Risk-aware Direct Preference Optimization under Nested Risk Measure

Published 26 May 2025 in cs.LG and cs.AI | (2505.20359v2)

Abstract: When fine-tuning pre-trained LLMs to align with human values and intentions, maximizing the estimated reward can lead to superior performance, but it also introduces potential risks due to deviations from the reference model's intended behavior. Most existing methods typically introduce KL divergence to constrain deviations between the trained model and the reference model; however, this may not be sufficient in certain applications that require tight risk control. In this paper, we introduce Risk-aware Direct Preference Optimization (Ra-DPO), a novel approach that incorporates risk-awareness by employing a class of nested risk measures. This approach formulates a constrained risk-aware advantage function maximization problem and then converts the Bradley-Terry model into a token-level representation. The objective function maximizes the likelihood of the policy while suppressing the deviation between a trained model and the reference model using a sequential risk ratio, thereby enhancing the model's risk-awareness. Experimental results across three open-source datasets: IMDb Dataset, Anthropic HH Dataset, and AlpacaEval, demonstrate the proposed method's superior performance in balancing alignment performance and model drift. Our code is opensourced at https://github.com/zlj123-max/Ra-DPO.

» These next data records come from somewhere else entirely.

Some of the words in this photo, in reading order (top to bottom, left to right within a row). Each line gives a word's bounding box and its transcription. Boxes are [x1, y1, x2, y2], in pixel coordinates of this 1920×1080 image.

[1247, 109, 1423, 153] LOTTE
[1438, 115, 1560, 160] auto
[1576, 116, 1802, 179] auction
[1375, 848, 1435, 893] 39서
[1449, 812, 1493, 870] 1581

Abstract PDF Upgrade to Chat

Summary

The paper introduces Ra-DPO, a method integrating nested risk measures for token-level optimization to improve LLM alignment and reduce model drift.
It employs a risk-aware advantage function and token-level Bellman equations to refine preference-based policy optimization within large language models.
Experimental results on datasets like IMDb show Ra-DPO’s superior performance over traditional methods, with improved reward accuracy and reduced sequential KL divergence.

Risk-aware Direct Preference Optimization under Nested Risk Measure

Introduction

The paper introduces Risk-aware Direct Preference Optimization (Ra-DPO), a novel approach designed to enhance LLMs by incorporating nested risk measures for more sensitive alignment with human preferences. The Ra-DPO technique addresses the inadequacies observed in conventional KL divergence constraints prevalent in LLM optimization processes, especially in applications demanding stringent risk management.

Methodology

Risk-aware Objective Function

Ra-DPO formulates a risk-aware advantage function that integrates nested risk measures into token-level generation, ensuring finer granularity and control. The method analyzes the characteristics of nested risk measures, transforming the risk-sensitive optimization problem into a sequence conducive to policy improvements.

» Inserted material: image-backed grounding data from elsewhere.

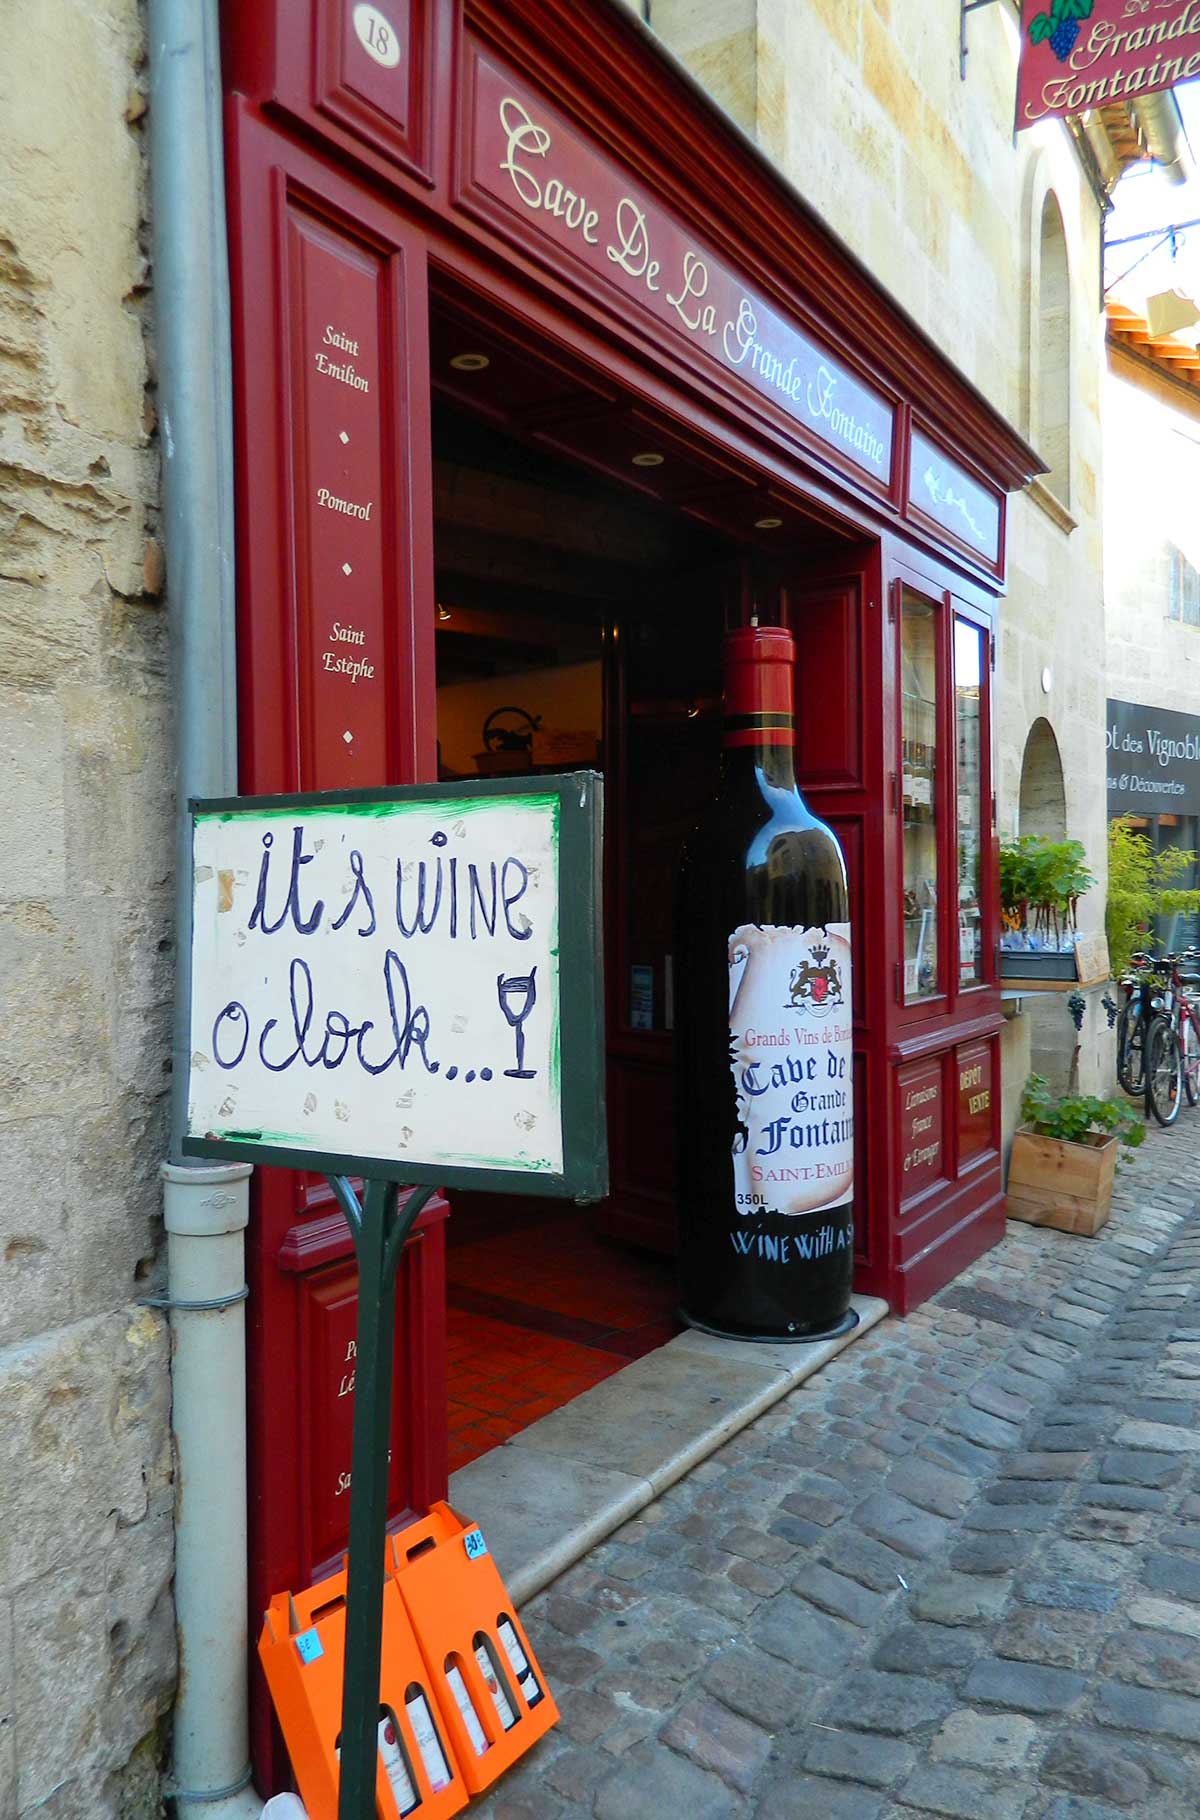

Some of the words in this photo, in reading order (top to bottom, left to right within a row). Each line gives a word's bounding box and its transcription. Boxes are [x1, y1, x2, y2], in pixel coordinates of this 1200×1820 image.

[366, 16, 389, 56] 18
[1069, 0, 1200, 70] Grande
[1024, 52, 1200, 119] Fontaine
[499, 97, 599, 244] Cave
[606, 198, 660, 291] De
[666, 251, 717, 336] La
[723, 298, 801, 403] Grande
[807, 365, 884, 464] Fontaine
[322, 325, 359, 356] Saint
[315, 353, 369, 393] Emilion
[317, 487, 373, 521] Pomerol
[329, 622, 366, 646] Saint
[322, 652, 375, 684] Estèphe
[1121, 733, 1143, 754] des
[1129, 775, 1185, 796] Découvertes
[248, 826, 376, 936] it's
[744, 1028, 790, 1048] Grands
[795, 1027, 819, 1046] Vins
[822, 1025, 833, 1044] de
[741, 1054, 817, 1097] Cave
[828, 1049, 846, 1080] de
[791, 1089, 847, 1113] Grande
[737, 1193, 769, 1206] 350L
[836, 1229, 846, 1249] A

Figure 1: The experiment on the IMDb dataset with GPT-2 Large serving as the base model. (a) and (b) present the progression of sequential KL divergence (the lower the better) for both preferred and dispreferred responses. (c) illustrates the reward accuracy curves (the higher the better).

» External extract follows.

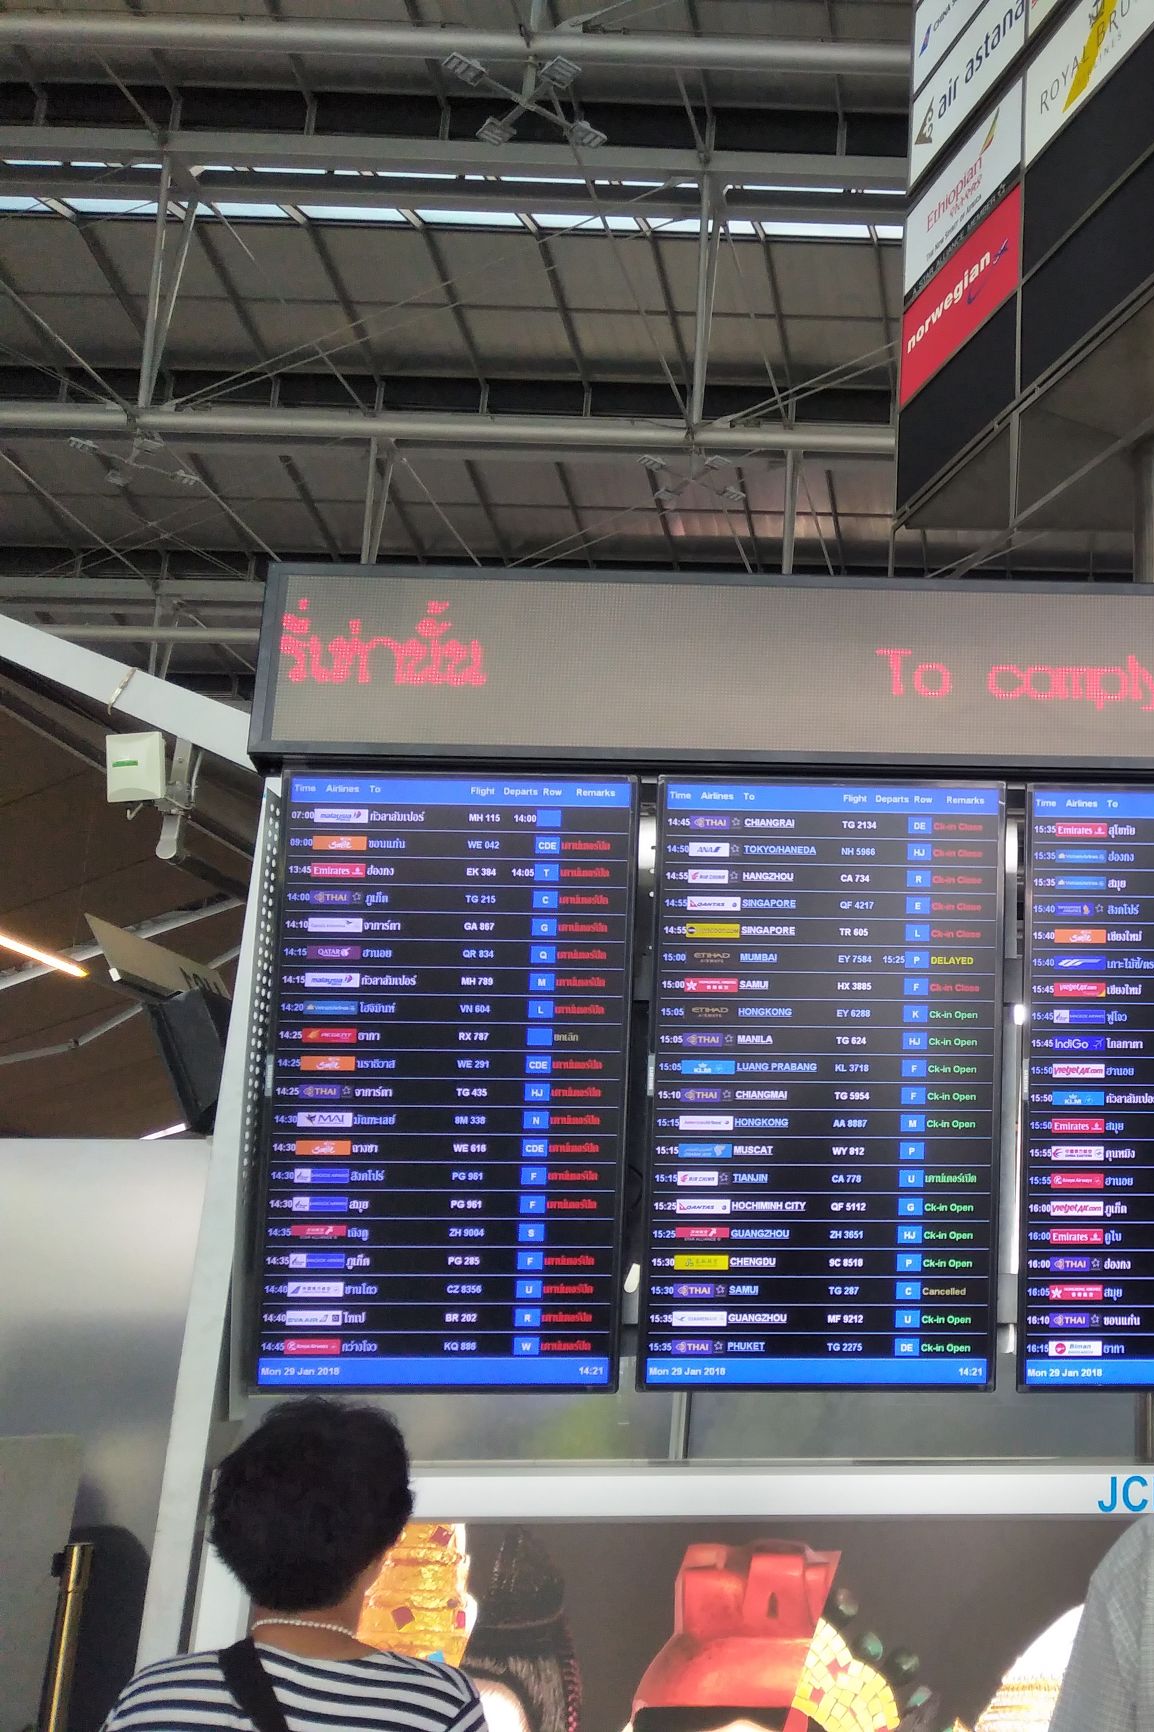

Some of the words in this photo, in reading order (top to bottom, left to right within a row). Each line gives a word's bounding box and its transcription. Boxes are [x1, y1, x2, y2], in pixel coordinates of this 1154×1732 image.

Preference-based Policy Optimization

The study positions Ra-DPO within the larger framework of Preference-based Markov Decision Processes (Pb-MDP), employing a token-level Bellman equation for enhanced sequential modeling. The risk-aware advantage function is rigorously defined, factoring in a risk control parameter $\mu$ , aligning with CVaR and ERM risk functions for broad application coverage.

Optimization Objective

The paper derives the mapping from the risk-aware state-action functions to optimal policies, emphasizing the Bradley-Terry model's equivalence with Regret Preference Models. This allows Ra-DPO to establish categorical alignment probabilities reflecting human preference data effectively.

Experiments

Setup

Ra-DPO was experimentally evaluated using open-source datasets such as IMDb, Anthropic HH, and AlpacaEval, coupled with models like GPT-2 Large and Pythia series, under varied risk measure configurations.

Results

The experimental results showcase Ra-DPO’s superior performance compared to traditional methods like DPO and PPO, demonstrating reduced model drift and improved reward accuracy. Figures illustrate the method’s advantage in sequential KL divergence optimization, vital for stable and consistent LLM alignment.

Figure 2: The experiment on the Anthropic HH dataset with Pythia-1.4B serving as the base model. Left and Middle present the progression of sequential KL divergence (the lower the better) for both preferred and dispreferred responses. Right illustrates reward accuracy curves (the higher the better).

Conclusion

Ra-DPO introduces a structured approach to minimizing risks in LLM alignment by leveraging nested risk measures in token-level optimization. It provides theoretical validation for policy improvement steps and empirically proves its applicability across diverse language generation scenarios.

This work suggests potential future developments in risk-sensitive LLM optimization, emphasizing continuous improvement in LLM alignment with human preferences while ensuring robust risk management. The framework and methodology proposed offer substantial contributions to the domain, especially in applications requiring nuanced decision-making and precise alignment criteria.